Do you notice that there's some tension in my lip corners? And that my jaw doesn't move that much. The jaw is closed a little bit. Now, let's take a look at some sound changes for the Norwegian accent. Well, the first one you probably hear is that "w" to "v" transition. Norway becomes "Norvay, I went to high school in Norvay". That becomes a "v". So, give that a shot. The "oo" sound gets a little more rounded so "high school" becomes "high school, school, ool". It's a little bit more rounding of that sound. Sometimes you'll hear a tapped "r" sound, like in the word "pretty", I went to school in Norvway. I have to say it was pretty normal". But not in the word normal.

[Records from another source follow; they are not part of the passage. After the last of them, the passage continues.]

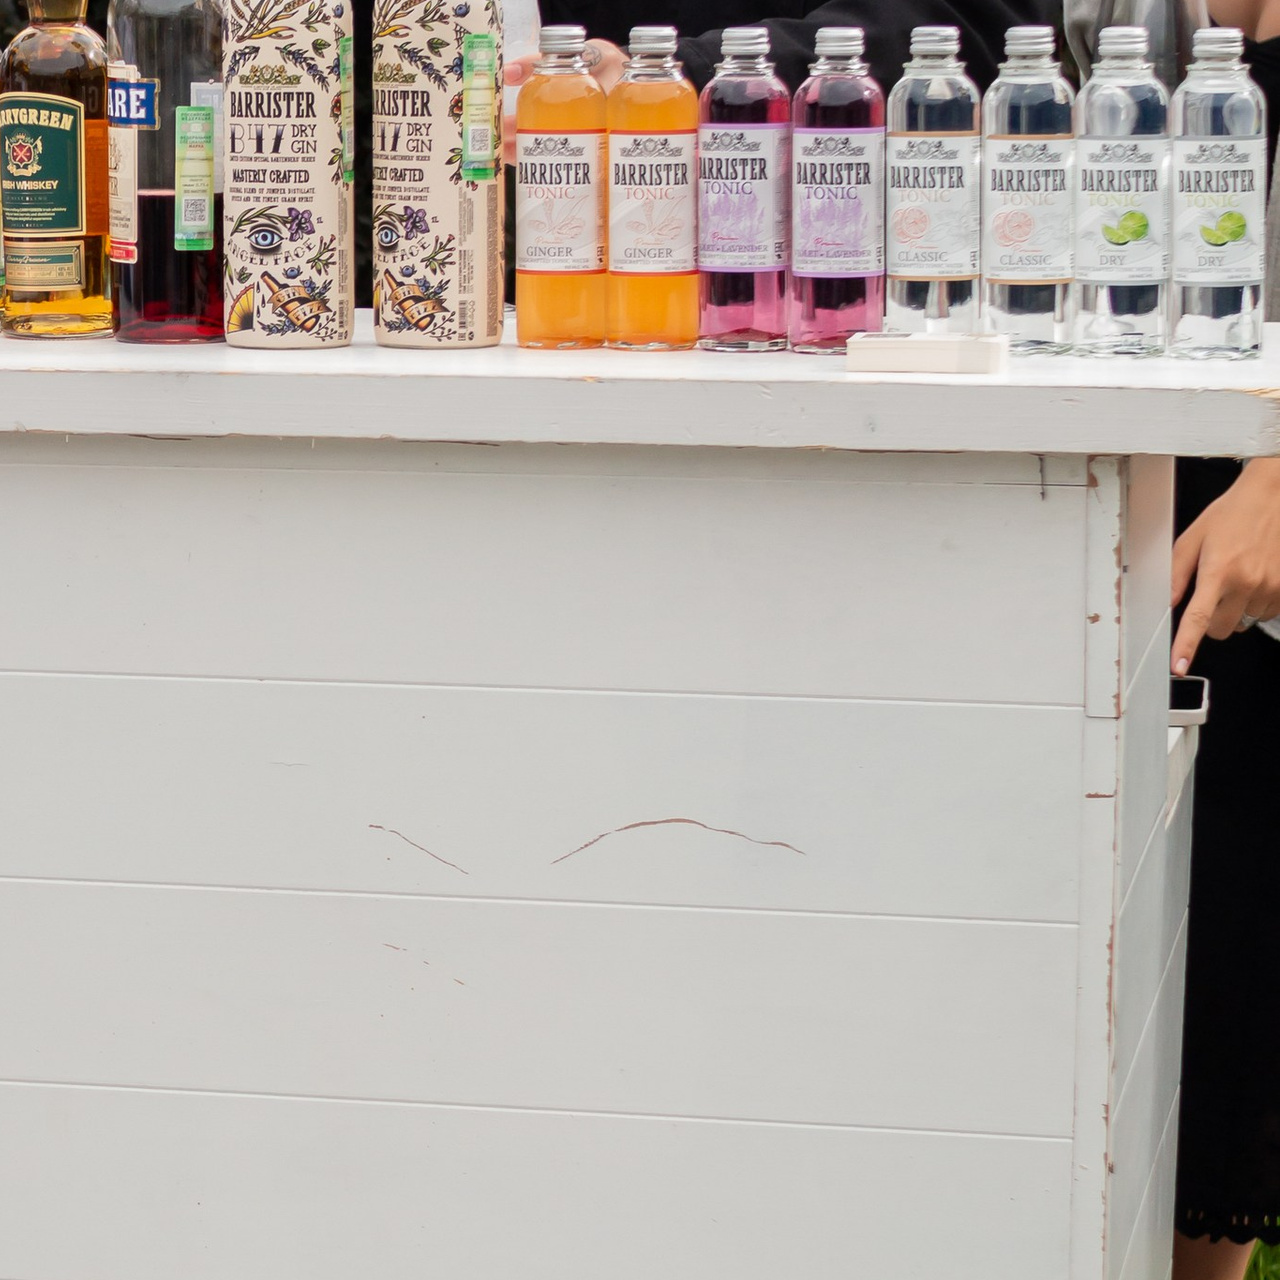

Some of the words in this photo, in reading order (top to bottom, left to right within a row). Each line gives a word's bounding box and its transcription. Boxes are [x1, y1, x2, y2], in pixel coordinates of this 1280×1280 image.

[230, 91, 317, 118] BARRISTER
[373, 89, 432, 117] RRISTER
[229, 122, 287, 154] B47
[291, 123, 317, 138] DRY
[373, 121, 403, 152] 47
[406, 122, 432, 136] DRY
[290, 139, 318, 154] GIN
[406, 138, 433, 153] GIN
[232, 168, 267, 183] MASTERLY
[269, 169, 310, 184] CRAFTED
[389, 167, 424, 182] CRAFTED
[518, 162, 591, 185] BARRISTER
[614, 163, 688, 186] BARRISTER
[796, 162, 871, 185] BARRISTER
[890, 166, 965, 189] BARRISTER
[991, 169, 1066, 192] BARRISTER
[1081, 169, 1158, 192] BARRISTER
[16, 180, 59, 190] WHISKEY
[704, 181, 753, 195] TONIC
[1178, 169, 1255, 193] BARRISTER
[526, 186, 575, 199] TONIC
[624, 187, 675, 200] TONIC
[805, 186, 858, 200] TONIC
[897, 189, 952, 203] TONIC
[1000, 192, 1056, 206] TONIC
[1087, 193, 1143, 207] TONIC
[1185, 194, 1241, 208] TONIC
[227, 238, 269, 266] ANGEL
[274, 237, 317, 266] FACE
[392, 236, 431, 264] FACE
[526, 246, 573, 257] GINGER
[624, 247, 673, 259] GINGER
[721, 244, 768, 253] LAVENDER
[825, 249, 872, 259] LAVENDER
[897, 251, 949, 263] CLASSIC
[999, 254, 1053, 266] CLASSIC
[1099, 255, 1127, 266] DRY
[1197, 256, 1226, 267] DRY

So, you've got to investigate that for yourself and see when a tapped "r" feels right. And you'll know when it feels right if you're in the oral posture. Also notice that there's no "schwa" sound, that "uh", American sound in words like, "normal, mal, mal" in your Norwegian accent become, "normal, normal". Give that a shot. So, what's the musicality of this? It's a friendly accent. Yes, there's some upward inflection at the end there. What else do you notice? Listen to some native Norwegian speakers and let them tell you what the musicality of their accent is and then give it a shot for yourself.